Your answer should repeat the listing in full, with no line missing or altered.
━━ Material provided
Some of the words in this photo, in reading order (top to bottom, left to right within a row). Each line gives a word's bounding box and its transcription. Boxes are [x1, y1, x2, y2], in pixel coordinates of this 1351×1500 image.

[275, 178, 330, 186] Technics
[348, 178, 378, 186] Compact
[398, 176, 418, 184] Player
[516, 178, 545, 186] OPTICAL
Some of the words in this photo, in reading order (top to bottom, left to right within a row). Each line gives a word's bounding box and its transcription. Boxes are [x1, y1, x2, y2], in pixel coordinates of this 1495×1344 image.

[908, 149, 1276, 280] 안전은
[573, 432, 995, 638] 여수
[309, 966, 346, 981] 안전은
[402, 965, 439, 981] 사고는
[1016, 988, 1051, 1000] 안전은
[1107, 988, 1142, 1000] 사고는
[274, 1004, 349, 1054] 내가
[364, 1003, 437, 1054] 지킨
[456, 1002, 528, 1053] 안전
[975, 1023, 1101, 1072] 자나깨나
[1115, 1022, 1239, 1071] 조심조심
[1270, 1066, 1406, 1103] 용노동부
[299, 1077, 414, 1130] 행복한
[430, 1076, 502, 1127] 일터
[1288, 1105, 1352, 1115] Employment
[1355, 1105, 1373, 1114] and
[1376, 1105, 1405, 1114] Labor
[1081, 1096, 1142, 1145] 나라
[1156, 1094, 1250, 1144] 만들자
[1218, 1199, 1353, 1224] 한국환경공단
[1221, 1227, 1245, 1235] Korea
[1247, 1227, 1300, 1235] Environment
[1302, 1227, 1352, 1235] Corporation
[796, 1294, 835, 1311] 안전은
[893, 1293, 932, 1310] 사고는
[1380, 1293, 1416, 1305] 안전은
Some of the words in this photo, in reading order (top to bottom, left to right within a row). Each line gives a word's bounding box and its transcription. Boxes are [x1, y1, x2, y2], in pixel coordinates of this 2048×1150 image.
━━━━
Task result:
Some of the words in this photo, in reading order (top to bottom, left to right within a row). Each line gives a word's bounding box and its transcription. Boxes are [x1, y1, x2, y2], in pixel coordinates of this 1351×1500 image.

[275, 178, 330, 186] Technics
[348, 178, 378, 186] Compact
[398, 176, 418, 184] Player
[516, 178, 545, 186] OPTICAL
Some of the words in this photo, in reading order (top to bottom, left to right within a row). Each line gives a word's bounding box and its transcription. Boxes are [x1, y1, x2, y2], in pixel coordinates of this 1495×1344 image.

[908, 149, 1276, 280] 안전은
[573, 432, 995, 638] 여수
[309, 966, 346, 981] 안전은
[402, 965, 439, 981] 사고는
[1016, 988, 1051, 1000] 안전은
[1107, 988, 1142, 1000] 사고는
[274, 1004, 349, 1054] 내가
[364, 1003, 437, 1054] 지킨
[456, 1002, 528, 1053] 안전
[975, 1023, 1101, 1072] 자나깨나
[1115, 1022, 1239, 1071] 조심조심
[1270, 1066, 1406, 1103] 용노동부
[299, 1077, 414, 1130] 행복한
[430, 1076, 502, 1127] 일터
[1288, 1105, 1352, 1115] Employment
[1355, 1105, 1373, 1114] and
[1376, 1105, 1405, 1114] Labor
[1081, 1096, 1142, 1145] 나라
[1156, 1094, 1250, 1144] 만들자
[1218, 1199, 1353, 1224] 한국환경공단
[1221, 1227, 1245, 1235] Korea
[1247, 1227, 1300, 1235] Environment
[1302, 1227, 1352, 1235] Corporation
[796, 1294, 835, 1311] 안전은
[893, 1293, 932, 1310] 사고는
[1380, 1293, 1416, 1305] 안전은
Some of the words in this photo, in reading order (top to bottom, left to right within a row). Each line gives a word's bounding box and its transcription. Boxes are [x1, y1, x2, y2], in pixel coordinates of this 2048×1150 image.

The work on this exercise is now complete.